(Stored data entries)
▶
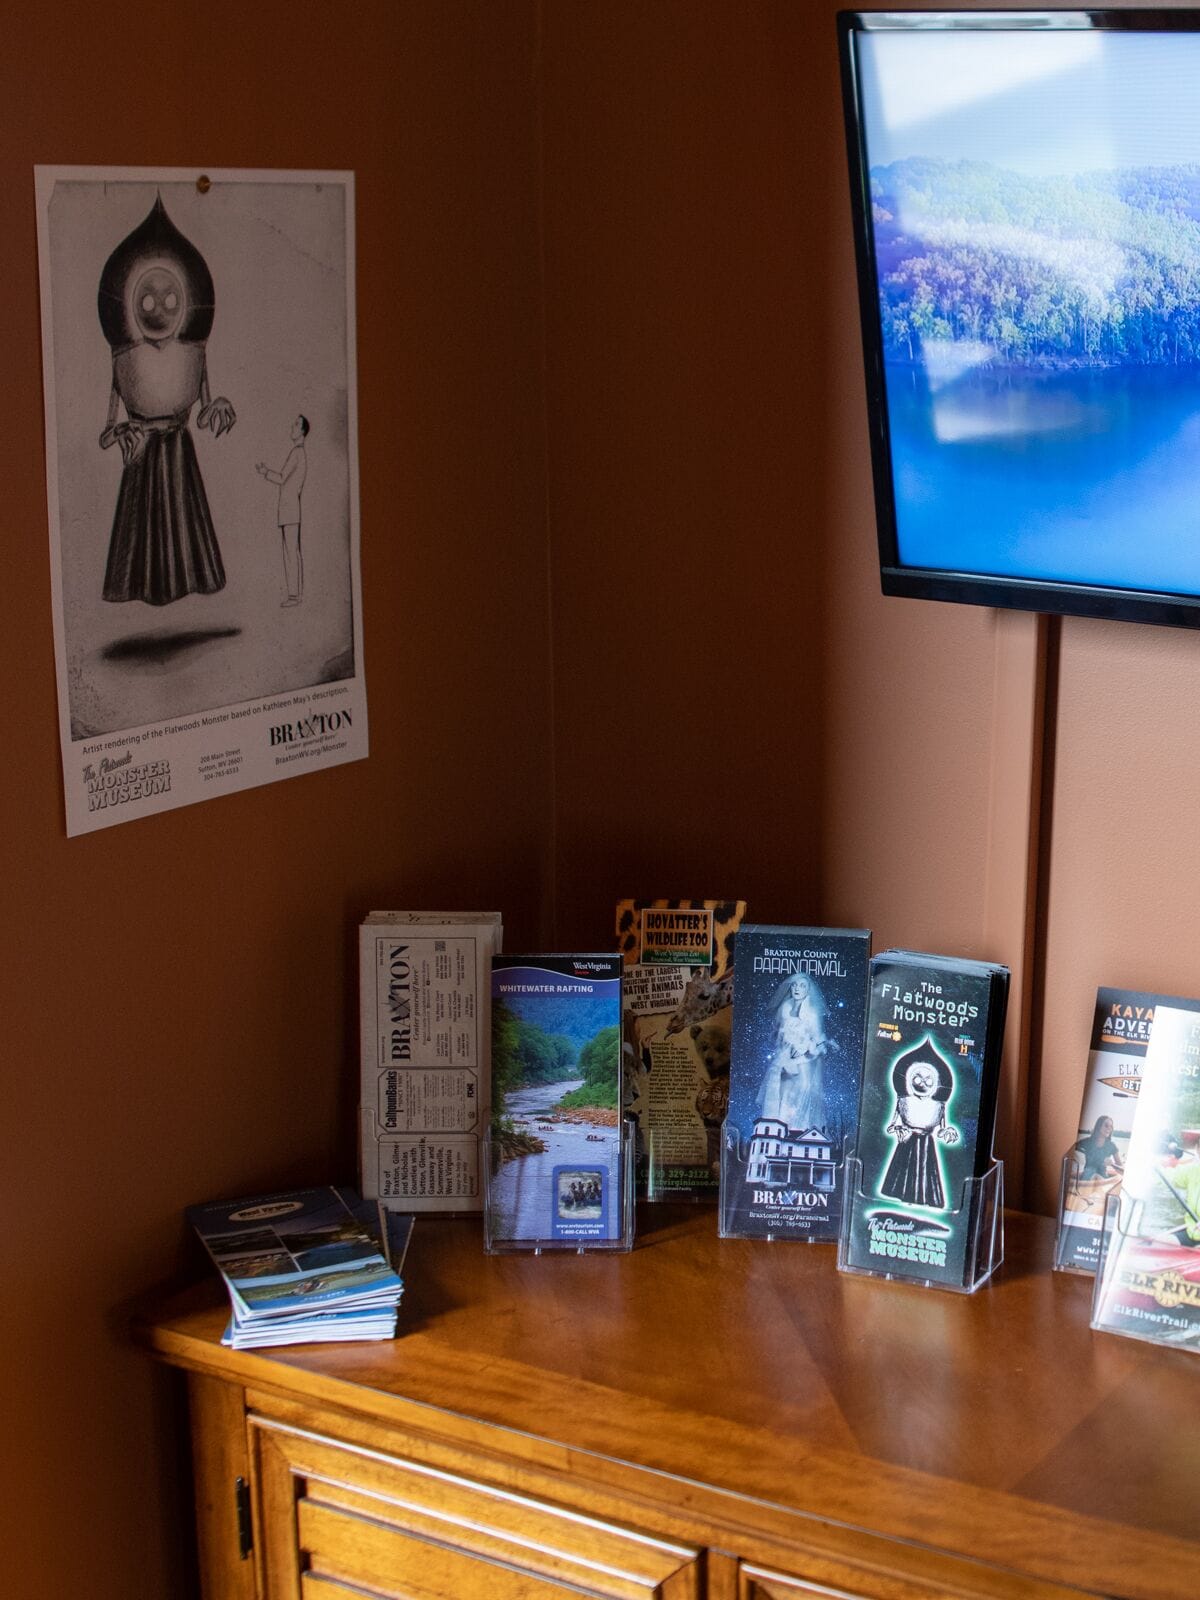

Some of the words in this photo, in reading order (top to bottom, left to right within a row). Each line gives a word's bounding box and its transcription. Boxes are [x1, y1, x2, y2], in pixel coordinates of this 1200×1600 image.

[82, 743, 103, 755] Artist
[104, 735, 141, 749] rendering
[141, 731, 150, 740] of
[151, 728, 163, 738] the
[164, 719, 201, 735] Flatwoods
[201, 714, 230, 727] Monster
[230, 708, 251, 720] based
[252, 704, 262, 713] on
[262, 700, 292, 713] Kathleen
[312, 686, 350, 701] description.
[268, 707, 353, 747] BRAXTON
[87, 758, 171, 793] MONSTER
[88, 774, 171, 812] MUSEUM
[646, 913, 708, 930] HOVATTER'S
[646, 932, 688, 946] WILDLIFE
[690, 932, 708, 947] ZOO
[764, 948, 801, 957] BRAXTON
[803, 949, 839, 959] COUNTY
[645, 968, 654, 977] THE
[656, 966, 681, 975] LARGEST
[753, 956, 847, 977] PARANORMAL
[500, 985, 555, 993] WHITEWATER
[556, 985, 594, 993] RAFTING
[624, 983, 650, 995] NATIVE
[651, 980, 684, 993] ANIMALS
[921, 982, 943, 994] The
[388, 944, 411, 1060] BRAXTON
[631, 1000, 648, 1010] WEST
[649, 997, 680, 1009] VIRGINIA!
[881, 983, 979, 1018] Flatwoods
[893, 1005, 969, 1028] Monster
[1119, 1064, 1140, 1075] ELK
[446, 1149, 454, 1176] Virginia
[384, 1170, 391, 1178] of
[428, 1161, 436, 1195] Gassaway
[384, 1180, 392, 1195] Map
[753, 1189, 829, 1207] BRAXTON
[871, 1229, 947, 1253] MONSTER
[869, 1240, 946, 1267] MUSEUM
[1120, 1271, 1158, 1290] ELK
◀
### Work item
Copy out every line of the data exactly, leaving the images behind.

### Exercise response
Some of the words in this photo, in reading order (top to bottom, left to right within a row). Each line gives a word's bounding box and its transcription. Boxes are [x1, y1, x2, y2], in pixel coordinates of this 1200×1600 image.

[82, 743, 103, 755] Artist
[104, 735, 141, 749] rendering
[141, 731, 150, 740] of
[151, 728, 163, 738] the
[164, 719, 201, 735] Flatwoods
[201, 714, 230, 727] Monster
[230, 708, 251, 720] based
[252, 704, 262, 713] on
[262, 700, 292, 713] Kathleen
[312, 686, 350, 701] description.
[268, 707, 353, 747] BRAXTON
[87, 758, 171, 793] MONSTER
[88, 774, 171, 812] MUSEUM
[646, 913, 708, 930] HOVATTER'S
[646, 932, 688, 946] WILDLIFE
[690, 932, 708, 947] ZOO
[764, 948, 801, 957] BRAXTON
[803, 949, 839, 959] COUNTY
[645, 968, 654, 977] THE
[656, 966, 681, 975] LARGEST
[753, 956, 847, 977] PARANORMAL
[500, 985, 555, 993] WHITEWATER
[556, 985, 594, 993] RAFTING
[624, 983, 650, 995] NATIVE
[651, 980, 684, 993] ANIMALS
[921, 982, 943, 994] The
[388, 944, 411, 1060] BRAXTON
[631, 1000, 648, 1010] WEST
[649, 997, 680, 1009] VIRGINIA!
[881, 983, 979, 1018] Flatwoods
[893, 1005, 969, 1028] Monster
[1119, 1064, 1140, 1075] ELK
[446, 1149, 454, 1176] Virginia
[384, 1170, 391, 1178] of
[428, 1161, 436, 1195] Gassaway
[384, 1180, 392, 1195] Map
[753, 1189, 829, 1207] BRAXTON
[871, 1229, 947, 1253] MONSTER
[869, 1240, 946, 1267] MUSEUM
[1120, 1271, 1158, 1290] ELK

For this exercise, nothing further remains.